O oftalmologista Danillo Almeida explica que o paciente vai perdendo a visão periférica inicialmente, ou seja, de fora para dentro, e de uma forma assustadora porque a doença é silenciosa. “O que vale destacar no glaucoma é que ela se torna uma doença desafiadora porque na maior parte dos casos ela é assintomática”. Ele acrescenta que o paciente só consegue identificar se tiver crises agudas – dor intensa nos olhos e ao redor deles, ou quando ele é diagnosticado pelo próprio oftalmologista durante o exame médico.
O presidente da SBG, Roberto Galvão Filho, reforça o silêncio do glaucoma com um dado alarmante: “70% das pessoas não sabem que sofrem com a doença”. Além disso, o glaucoma é uma doença hereditária – quem tem parentes próximos, têm uma predisposição maior a desenvolver.
Analogicamente conectado
Além de dividirem a mesma casa, Alcides e o ex-cunhado possuem duas grandes diferenças: a visão e o que possuem na palma da mão. Um possui baixa visão e um celular analógico, o outro enxerga normalmente e está nas redes.

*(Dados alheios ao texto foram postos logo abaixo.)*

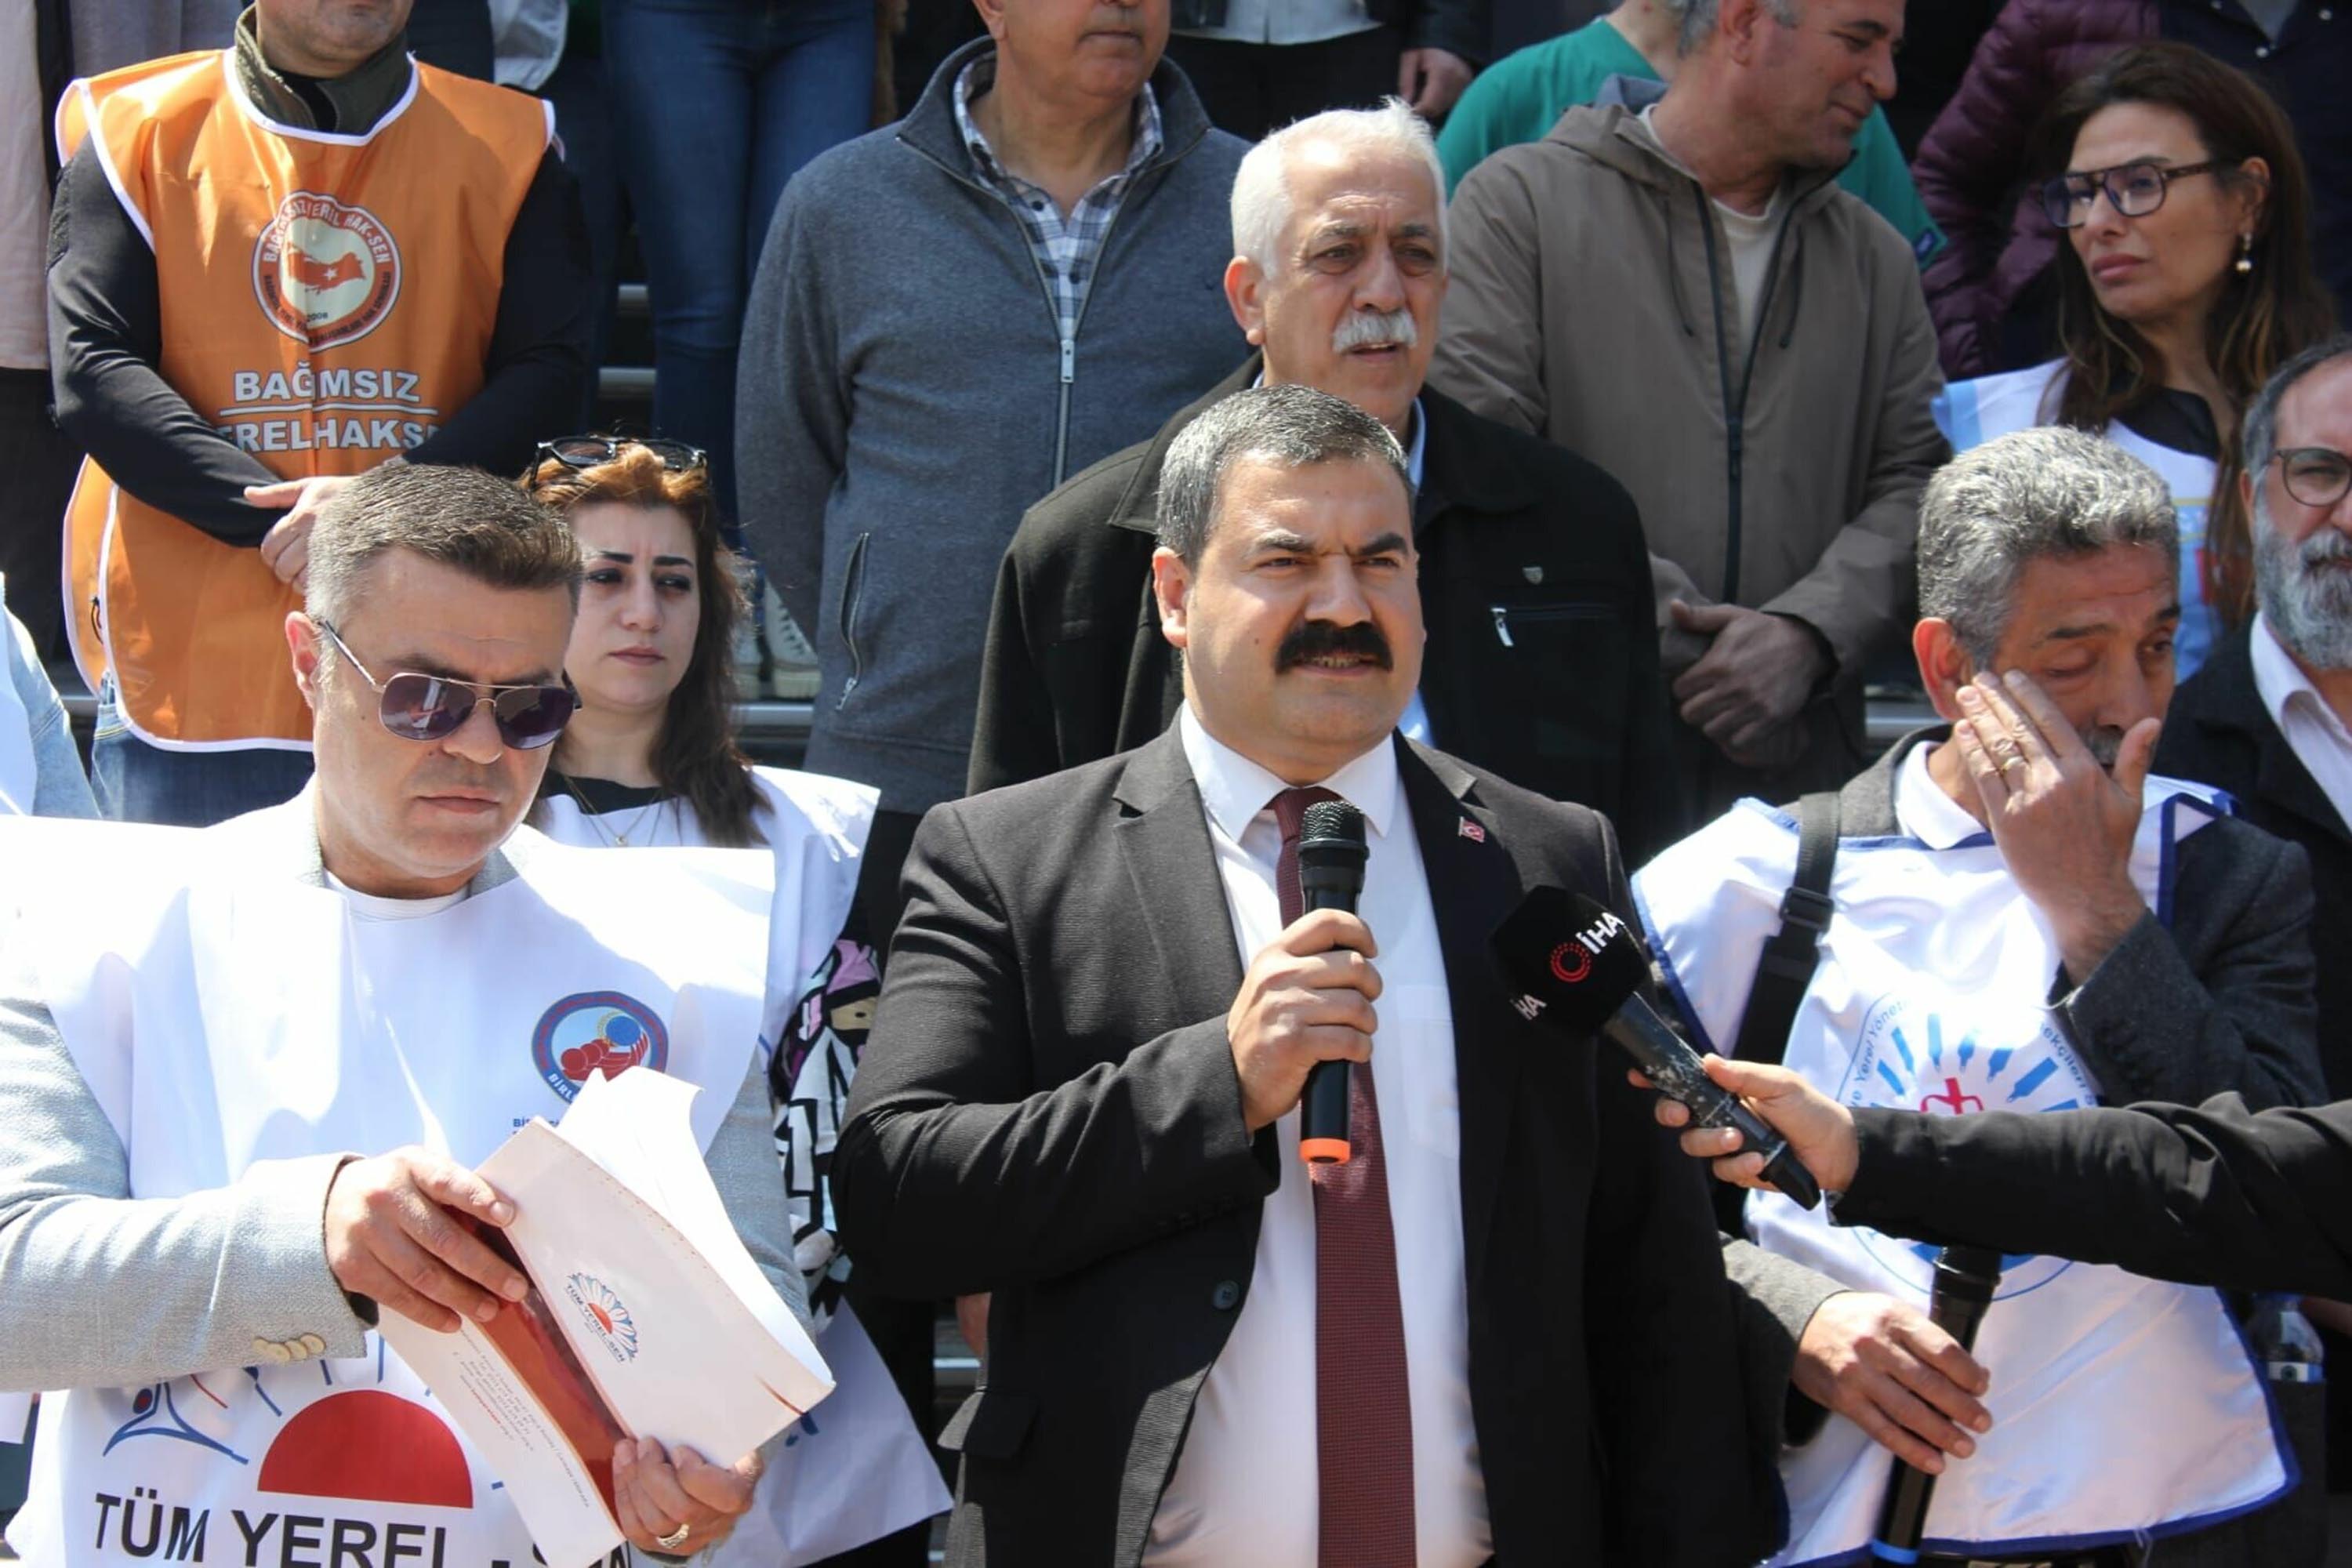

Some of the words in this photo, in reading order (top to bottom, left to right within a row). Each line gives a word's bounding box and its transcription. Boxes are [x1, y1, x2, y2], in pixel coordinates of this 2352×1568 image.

Com um óculos de armação preta, Alcides vai mantendo a pouca visão do olho direito. Usa uma lupa para poder ler e enviar as mensagens de texto pelo celular, fazendo questão de usar a visão que lhe restou para ter mais uma forma de se comunicar com as pessoas.
Ele que veio de Bom Jesus da Lapa (BA), mas foi criado em Barreiras, precisa ligar para conseguir falar com os parentes. Basta alguns toques no teclado para o celular ir ao ouvido, e a ligação diminui distâncias e acolhe as saudades.
“Estou sempre conversando com eles, mas tem alguns que preferem falar por mensagens no whatsapp. Não gostam de ligação. E por aí já começa a exclusão. Fica difícil falar com eles”. O celular de Alcides não tem internet e ele não possui nenhuma conta em redes sociais.
Na cena do rádio
Com o celular de teclado da marca Positivo, Alcides navega não nas re des sociais, mas pela diversas linhas de transmissão de rádio. “Preciso ficar bem informado, né?”, ele analisa. São as notícias do rádio que o atualizam no dia a dia, já que seu celular não é smartphone e por isso não tem acesso a internet.
Ele que possui baixa visão, depende quase que exclusivamente de sua audição para ficar por dentro das notícias.

Para a jornalista de rádio Deborah Fortuna, a mágica acontece quando o ouvinte é inserido na cena de um de terminado acontecimento. “Não é só dizer uma informação por informação, mas trazer minuciosamente os detalhes”. E quando a informação é ouvida por pessoas com deficiência visual, o trabalho precisa ser dobrado para que, segundo a profissional, a notícia seja transmitida de forma clara e coesa.
“No rádio tem que mostrar emoção, clima, trazer sons, cheiros e uma descrição sem preguiça do fato que está sendo narrado para melhor compreensão do ouvinte cego”, assegura.
Alcides também é aluno do CEEDV, e diz que gosta de debater as notícias do cotidiano com os outros colegas da escola, e que assim eles vão se ajudando, descobrindo coisas novas, compartilhando experiências, e principalmente incentivando o debate e o senso crítico.
Ele também voltou a fazer aulas de Braille, e está empolgado para mergulhar cada vez mais no conhecimento tátil. A professora Helena Rita descreve a importância que o Braille proporciona para aqueles que um dia já tiveram uma visão plena mas que hoje são acometidos pela falta dela. “A visão é um sentido privilegiado, e aprender a linguagem em Braille é resgatar nossa liberdade que
um dia foi roubada”.
Ela ainda entende que o Braille é antes de qualquer denominação, “uma função social”. “A tecnologia não substitui o contato pela palavra física. O braille é autonomia, encorajamento. É o resgate da nossa cidadania”, completa.